LAWTON, OK (KSWO) -Iowa voters will be the first to weigh in on the 2016 presidential race, and the results will provide candidates with a snapshot of their popularity and momentum heading into the primary season.
How will the Iowa caucus play a role in how voters in Oklahoma cast their ballots on March 1? It's not as simple as you might think.
The Iowa caucus is a crowded field on the Republican side and there's still no clear front runner on the Democratic side. After the results come in, some of the favorite candidates may no longer be an option.
"Starting with Iowa and then New Hampshire, candidates are going to start dropping out. The candidates who don't win, who are going to lose their funding, lose their supporters, and so it will affect who will vote for. We may never have the opportunity to vote for Rick Santorum or Mike Huckabee, some of the Republican candidates lower down on the polls, because they may drop out before we get to the race here in Oklahoma," explained Dr. Wendy Whitman-Cobb, associate professor of political science at Cameron University.
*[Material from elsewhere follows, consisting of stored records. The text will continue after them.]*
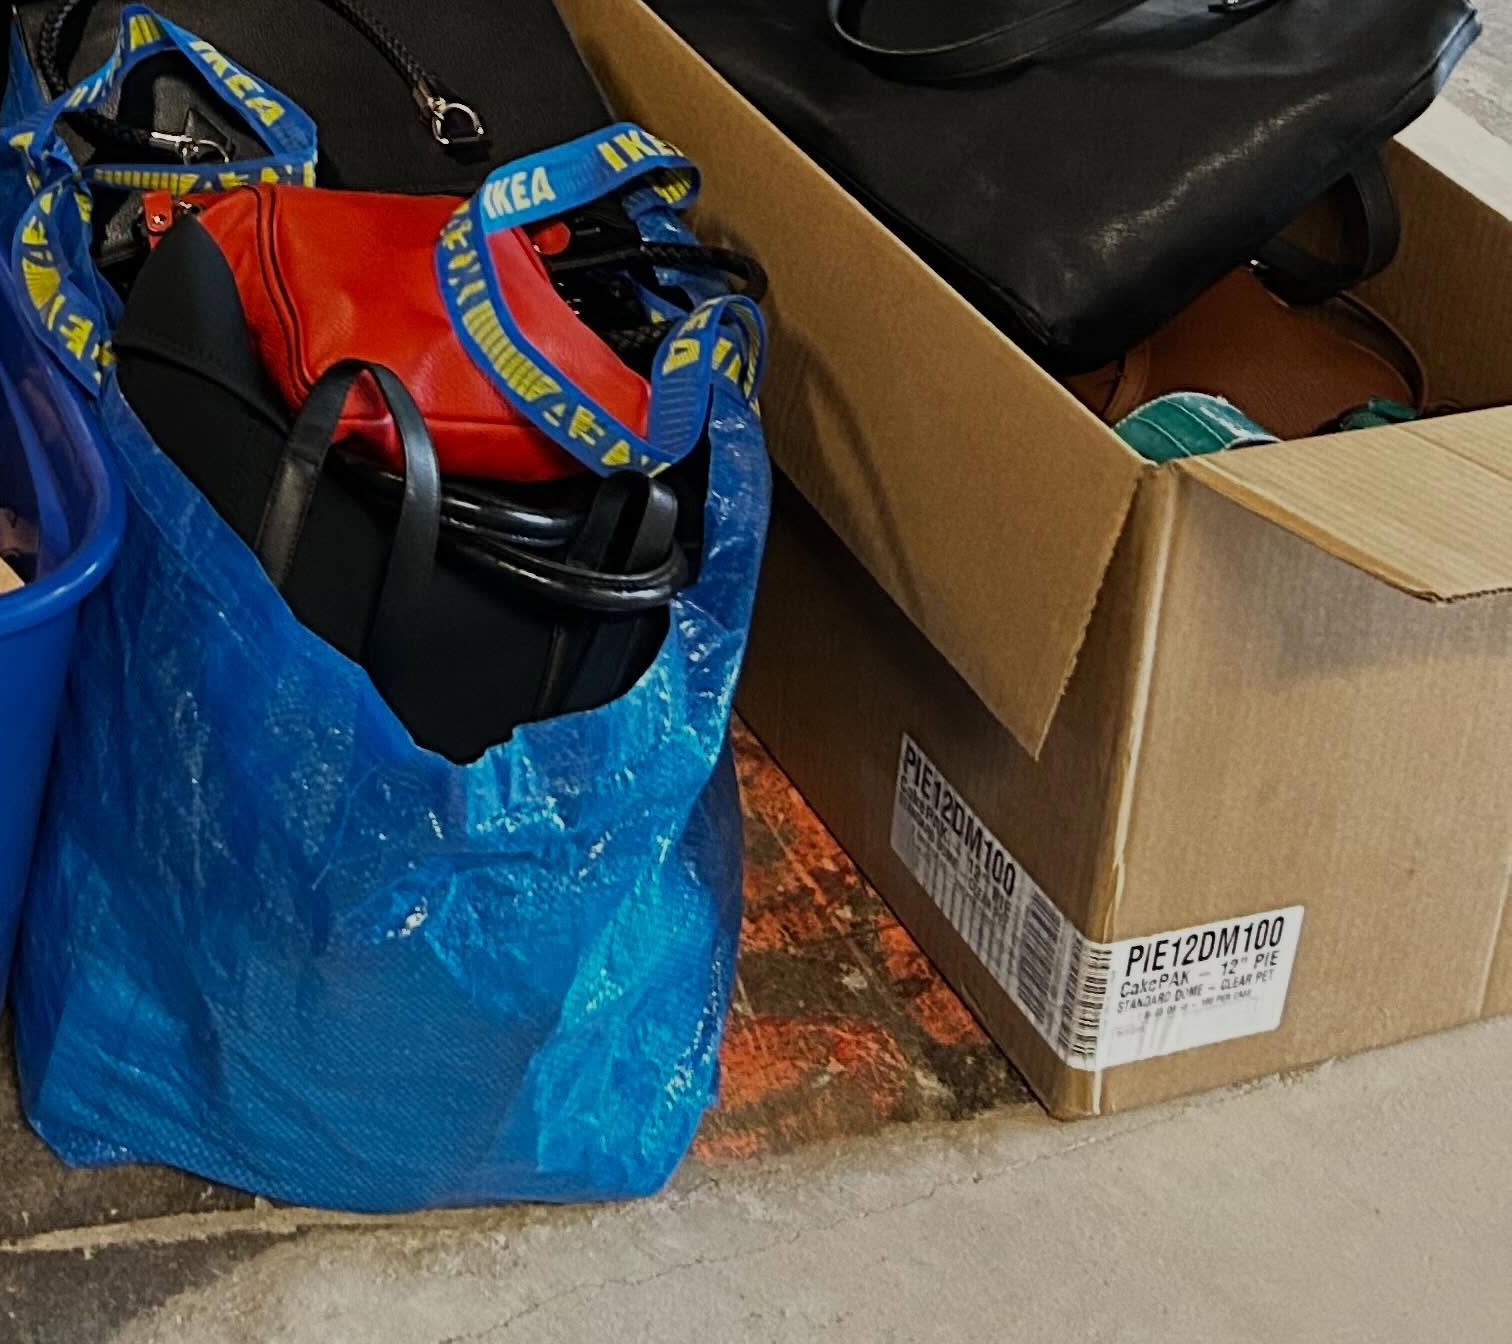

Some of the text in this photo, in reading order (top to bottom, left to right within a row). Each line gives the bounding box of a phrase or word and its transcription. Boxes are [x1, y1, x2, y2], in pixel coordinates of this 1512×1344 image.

[189, 40, 285, 126] IKEA
[483, 166, 556, 219] IKEA
[904, 743, 1016, 896] PIE12DM100
[1120, 970, 1192, 998] CakePAK
[1253, 950, 1280, 969] PIE
[1125, 916, 1285, 977] PIE12DM100
This is the reason Dr. Whitman-Cobb says Oklahoma voters should pay attention to the results from the Iowa caucus. While the race to the most famous address in America, 1600 Pennsylvania Avenue, can be expensive, Dr. Whitman-Cobb says campaigning in Iowa gives candidates that don't have sponsors or deep pockets an even playing field.
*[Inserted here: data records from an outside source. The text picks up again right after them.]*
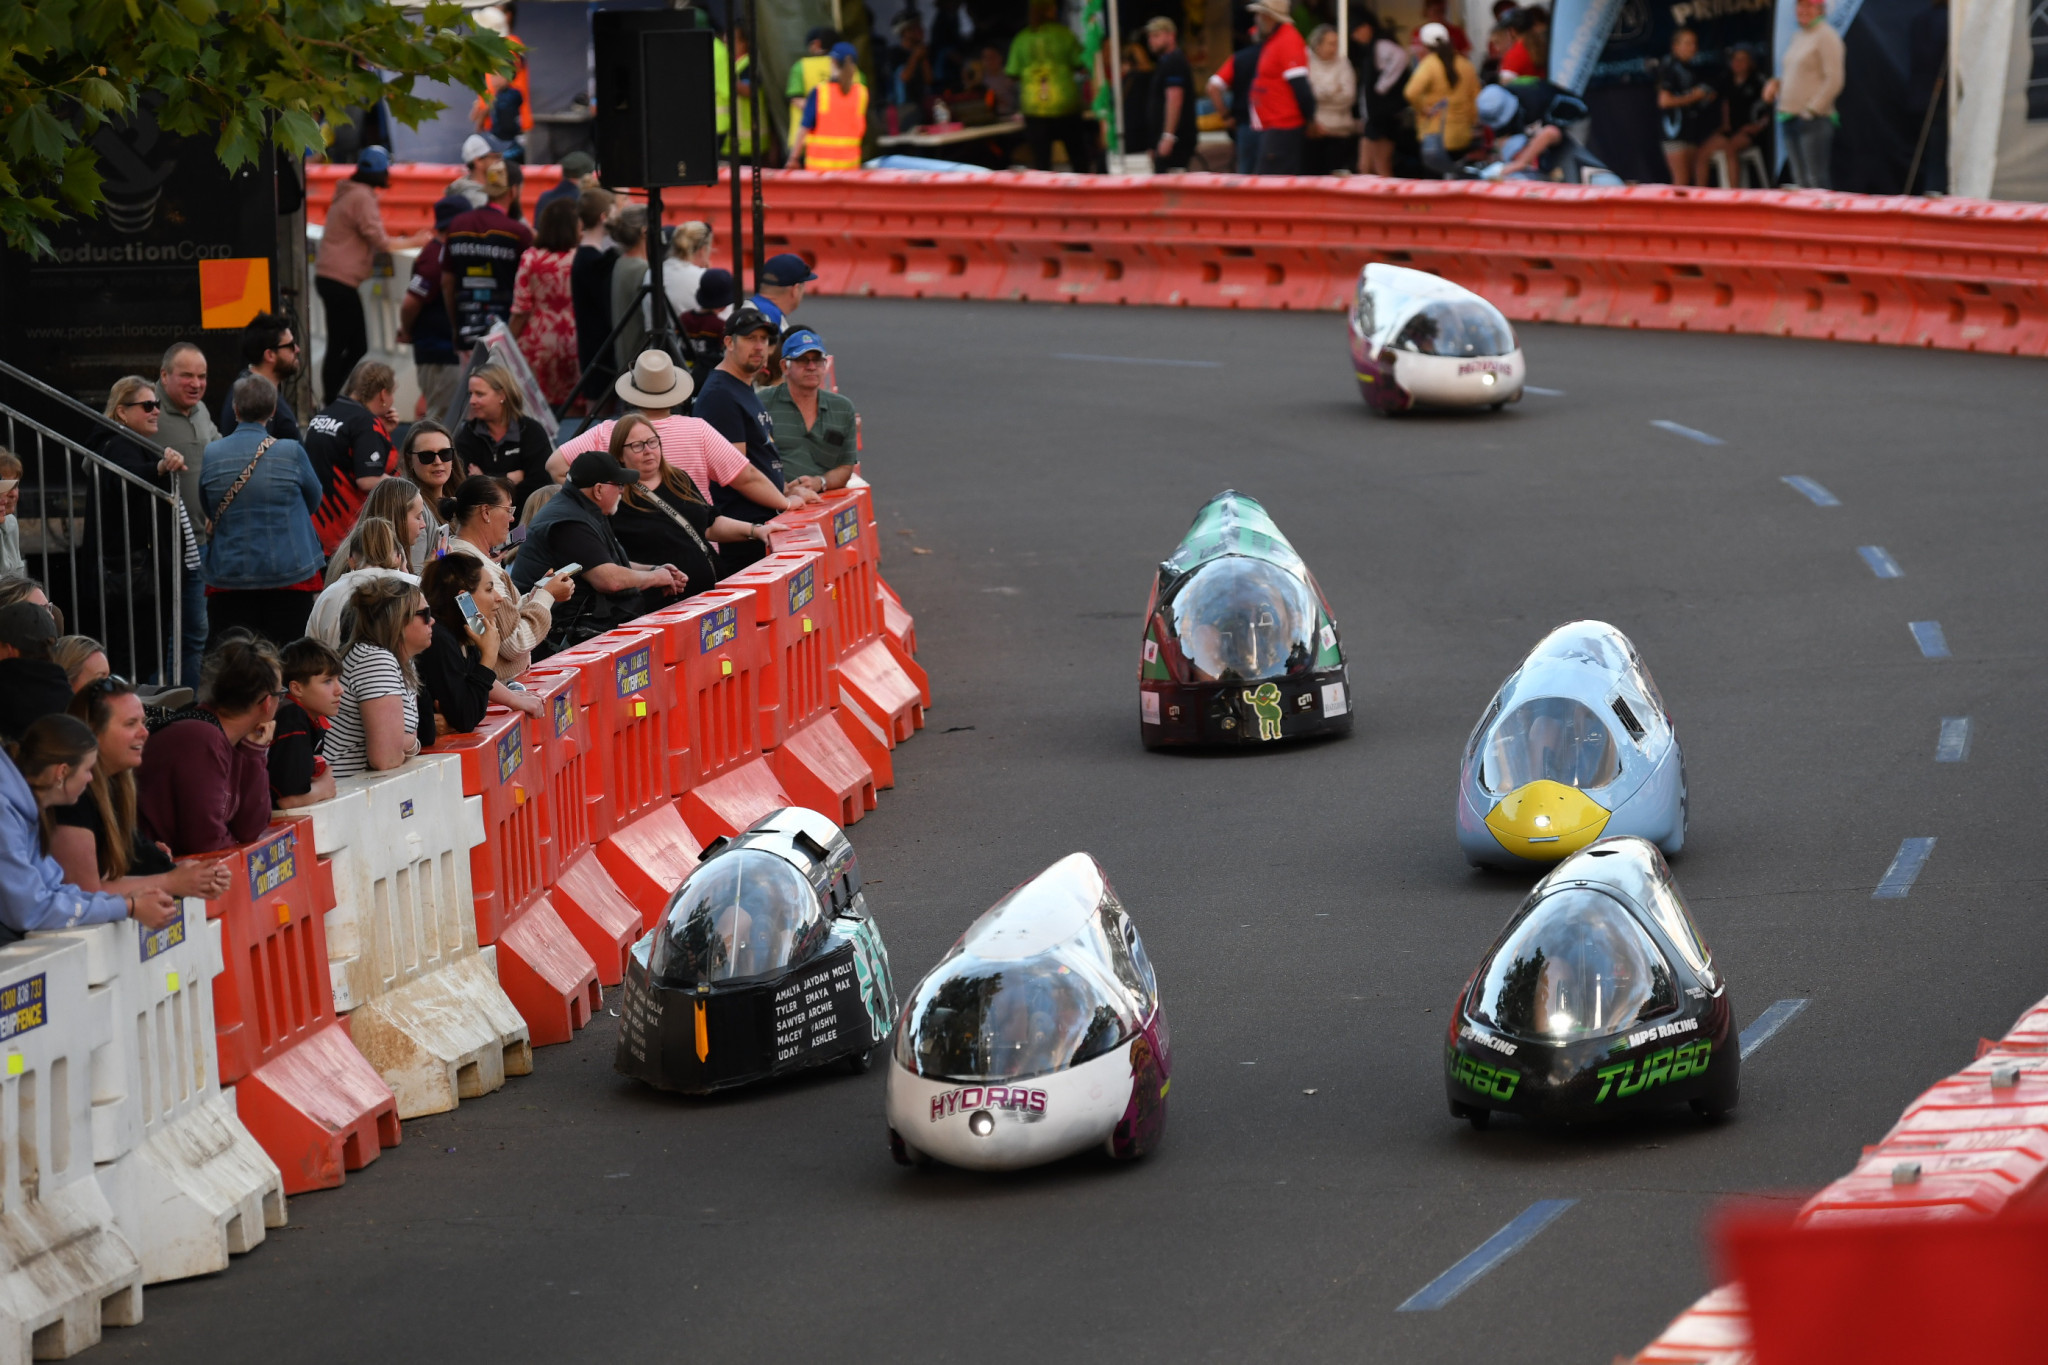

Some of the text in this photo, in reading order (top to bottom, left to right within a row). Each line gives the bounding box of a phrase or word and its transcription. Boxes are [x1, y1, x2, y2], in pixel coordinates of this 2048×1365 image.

[775, 961, 853, 1002] AMALYA JAYDAH MOLLY
[775, 978, 851, 1017] TYLER EMAYA MAX
[776, 1000, 833, 1032] SAWYER ARCHIE
[1658, 1017, 1698, 1038] RACING
[777, 1028, 803, 1046] MACEY
[778, 1029, 838, 1061] UDAY ASHLEE
[1474, 1031, 1519, 1056] RACING
[1594, 1037, 1712, 1105] TURBO
[930, 1086, 1048, 1122] HYDRAS
"Because it's a smaller state and they attract such smaller attention from the candidates that they kind of serve as a filter for a first place to be tested out. So, if they can pass the Iowa test, then they can pass everybody else," Dr. Whitman-Cobb said.
However, history shows that since 1976, only three Republicans and five Democrats who won at the Iowa caucus have gone on to win their respective party's nomination.
If you plan to vote in the March 1 Presidential Preferential Primary, you must register by Friday, Feb. 5.